Die Geschichte wird in ca. 4 Hauptplots, sowie in zahlreichen Nebenplots erzählt, die sich teilweise, aber nicht alle, kreuzen und beeinflussen. Qualitativ spielen diese Plots zwischen den Polen “Innovativ” und “Klischeehaft”. So ist der Plot der den Schritten und Gedanken des Inquisitors Jeryd folgt fast schon ein kleiner Detektivroman, der des Aufsteigers Randur dagegen aber etwas zu glatt und einförmig. Was mir sehr gut gefällt, von anderen Rezensenten aber kritisiert wurde, sind die in manchen Plots sehr häufig anzutreffenden inneren Monologe, die für mich manche Charaktere erst interessant machen.

Doch die wahre Stärke von Nights of Villjamur liegt meiner Meinung nach in Newtons Worldbuilding. Die Stadt,und die Weise wie das Jamur Imperium aufgebaut sind steckt voller interessanter Details die teilweise nur in Nebensätzen gestreift, und gar nicht weiter erläutert werden, teilweise aber im weiteren Verlauf wieder Verwendung finden, und so langsam an Detailtiefe gewinnen. Ich bin mir nicht sicher ob eine Elaboration dieser Kleinigkeiten das Buch verstopft, oder noch mehr zu epischer Breite verholfen hätte.

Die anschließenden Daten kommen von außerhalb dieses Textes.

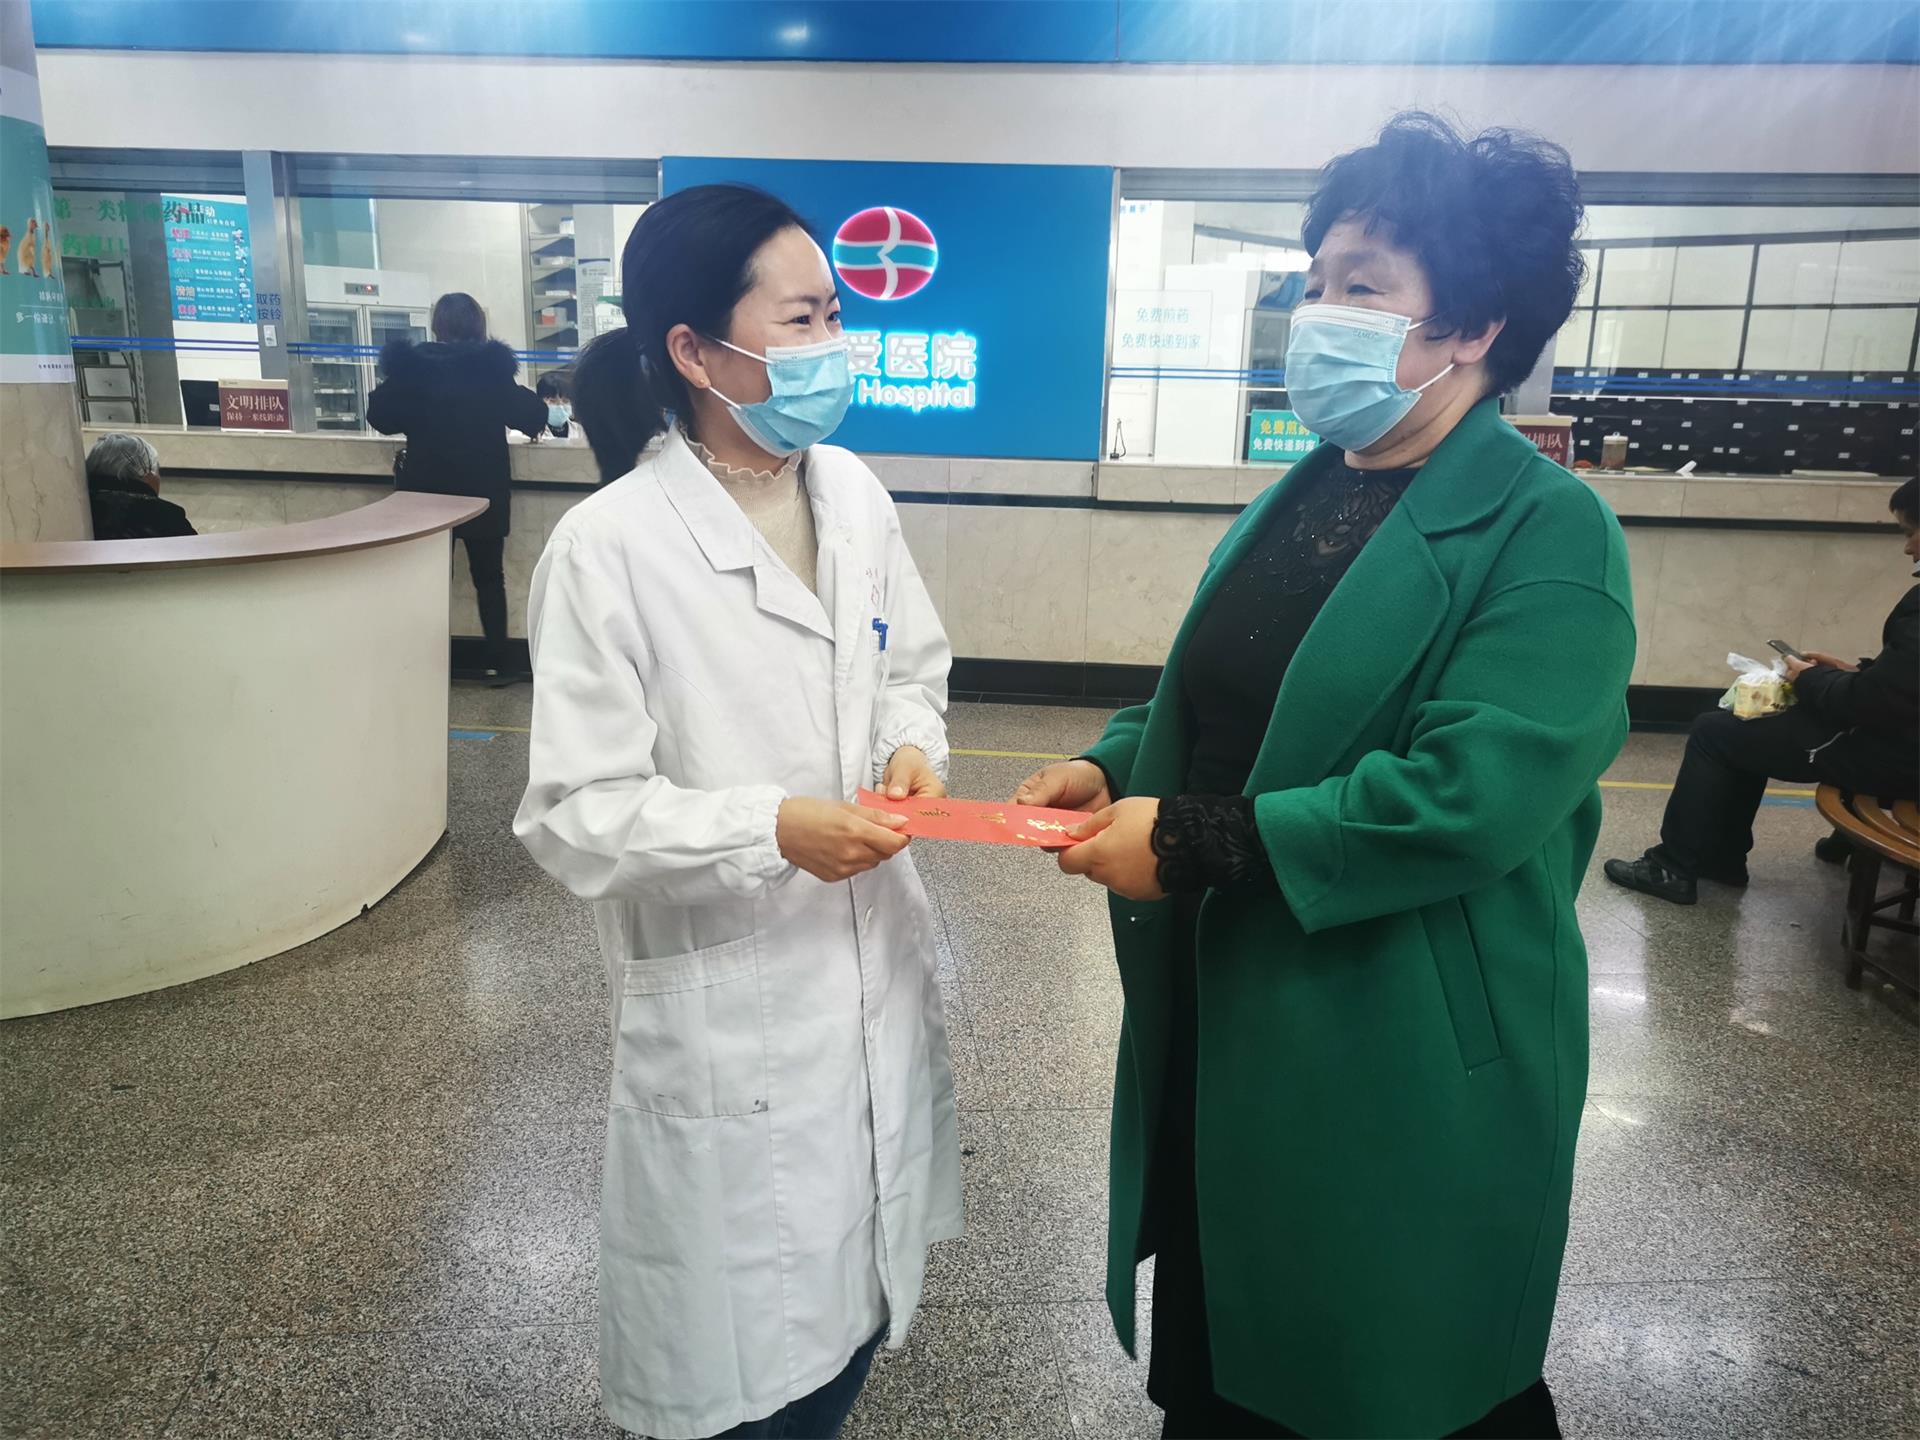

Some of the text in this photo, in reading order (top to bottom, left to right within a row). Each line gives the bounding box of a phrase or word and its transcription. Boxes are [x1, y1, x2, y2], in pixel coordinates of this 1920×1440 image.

US Ppbck. & Hrdc, Spectra.

Rassen und Fraktionen Newton streut sparsam und mit Bedacht: Die Stadt teilen sich in erster Linie Menschen und “Rumel”, eine humanoide Rasse mit der etwa dreifachen Lebensdauer von Menschen; die Menschen stellen zwar den Kaiser und den Rat, aber zur Wahrung des inneren Friedens stellen die Rumel die oberen Ränge der Inquisition, die die Aufgabe der Strafverfolgung wahrnimmt. Leider verzichtet Newton auf eine etwas genauere Beschreibung der Rumel, man erfährt dass sie etwas größer als Menschen werden, dass sie einen Schwanz haben, und dass ihr Körper eine grau/braun/dunkle Färbung hat. Aber weder ich, noch andere Rezensenten sind uns sicher, ob man sie sich ehr glatthäutig, behaart oder vielleicht auch reptilienartig vorzustellen hat. Ohne die genaue Beschreibung drängte sich mir beim Lesen immer wieder das Bild von großen, robusteren und behaarten Elben mit Schwanz auf, was doch recht albern ist. Andere Kreaturen die Newtons Welt bevölkern sind beispielsweise die Garudas, vogelartige Wesen, etwas kleiner als die Menschen, die in eigenen Gemeinschaften leben, teilweise aber im Dienst des Imperiums als Kundschafter arbeiten. Auch gibt es in Villjamur Banshees, eine Art Klageweiber die in eigenen Gemeinschaften leben, und die, wie ihre mythologischen Vorbilder, kurz vor oder während eines Todes, von einer Intuition gelenkt am entsprechenden Ort auftauchen und ihren Gesang ertönen lassen. Die Interessanteste Neuerung die Newton einführt sie die Kultisten: Sie sind am besten als eine Mischung aus Ingenieur, Alchemist und Zauberer beschrieben: Siebenutzen, kopieren und erweitern die von einer untergegangenen Zivilisation überlieferten Relikte, um mit ihnen etwas ähnliches wie Magie auszuführen, allerdings ohne genau zu verstehen, wie genau & warum sie funktionieren. Die Kultisten sind in verschiedenen Sekten und Gruppen unterteilt, und haben eine eigene, chaotische Gesellschaftsordnung mit den Köpfen der großen Sekten an der Spitze, und kleinen Taschenspielern und Magiejunkies (!) als Bodensatz.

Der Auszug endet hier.